**AIM OF THE TASK:** Below are records to be copied exactly; their pictures are to be omitted.

....

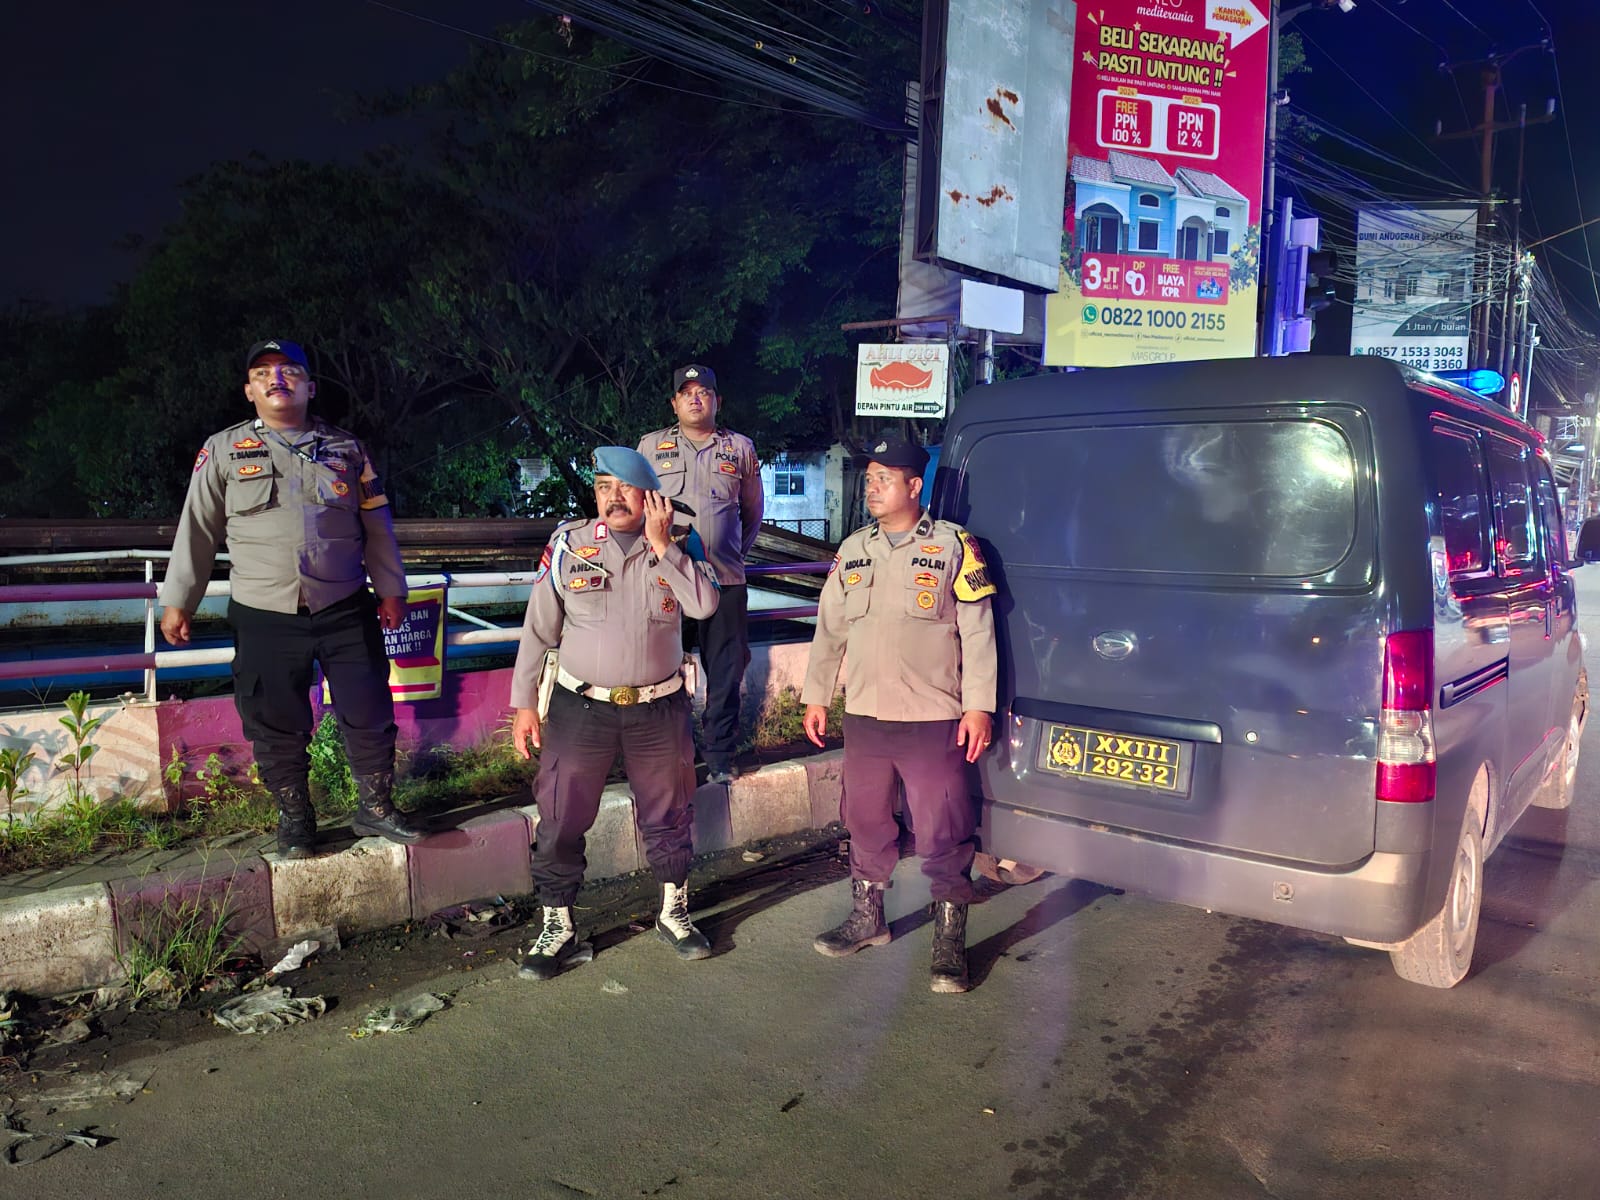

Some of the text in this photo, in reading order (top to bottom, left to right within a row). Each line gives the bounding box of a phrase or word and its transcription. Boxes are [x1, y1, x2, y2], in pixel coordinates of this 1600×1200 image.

[1136, 5, 1195, 23] mediterania
[1100, 25, 1226, 63] BELI SEKARANG
[1098, 51, 1142, 75] PASTI
[1146, 61, 1210, 87] UNTUNG
[1115, 100, 1138, 115] FREE
[1115, 114, 1138, 130] PPN
[1178, 111, 1204, 131] PPN
[1112, 128, 1130, 142] 100
[1177, 130, 1190, 145] 12
[1133, 260, 1146, 271] DP
[1162, 263, 1181, 274] FREE
[1084, 258, 1120, 290] 3 JT
[1157, 274, 1185, 286] BIAYA
[1161, 286, 1180, 298] KPR
[1101, 307, 1226, 331] 0822 1000 2155
[1441, 323, 1466, 331] bulan
[1368, 347, 1463, 356] 0857 1533 3043
[1433, 359, 1462, 369] 3360
[857, 402, 878, 410] DEPAN
[715, 453, 739, 464] POLRI
[911, 557, 946, 571] POLRI
[411, 609, 429, 621] BAN
[384, 629, 432, 646] AN HARGA
[1095, 735, 1170, 762] XXIII
[1092, 756, 1169, 785] 292-32

....

**WRITTEN REPLY:**
Some of the text in this photo, in reading order (top to bottom, left to right within a row). Each line gives the bounding box of a phrase or word and its transcription. Boxes are [x1, y1, x2, y2], in pixel coordinates of this 1600×1200 image.

[1136, 5, 1195, 23] mediterania
[1100, 25, 1226, 63] BELI SEKARANG
[1098, 51, 1142, 75] PASTI
[1146, 61, 1210, 87] UNTUNG
[1115, 100, 1138, 115] FREE
[1115, 114, 1138, 130] PPN
[1178, 111, 1204, 131] PPN
[1112, 128, 1130, 142] 100
[1177, 130, 1190, 145] 12
[1133, 260, 1146, 271] DP
[1162, 263, 1181, 274] FREE
[1084, 258, 1120, 290] 3 JT
[1157, 274, 1185, 286] BIAYA
[1161, 286, 1180, 298] KPR
[1101, 307, 1226, 331] 0822 1000 2155
[1441, 323, 1466, 331] bulan
[1368, 347, 1463, 356] 0857 1533 3043
[1433, 359, 1462, 369] 3360
[857, 402, 878, 410] DEPAN
[715, 453, 739, 464] POLRI
[911, 557, 946, 571] POLRI
[411, 609, 429, 621] BAN
[384, 629, 432, 646] AN HARGA
[1095, 735, 1170, 762] XXIII
[1092, 756, 1169, 785] 292-32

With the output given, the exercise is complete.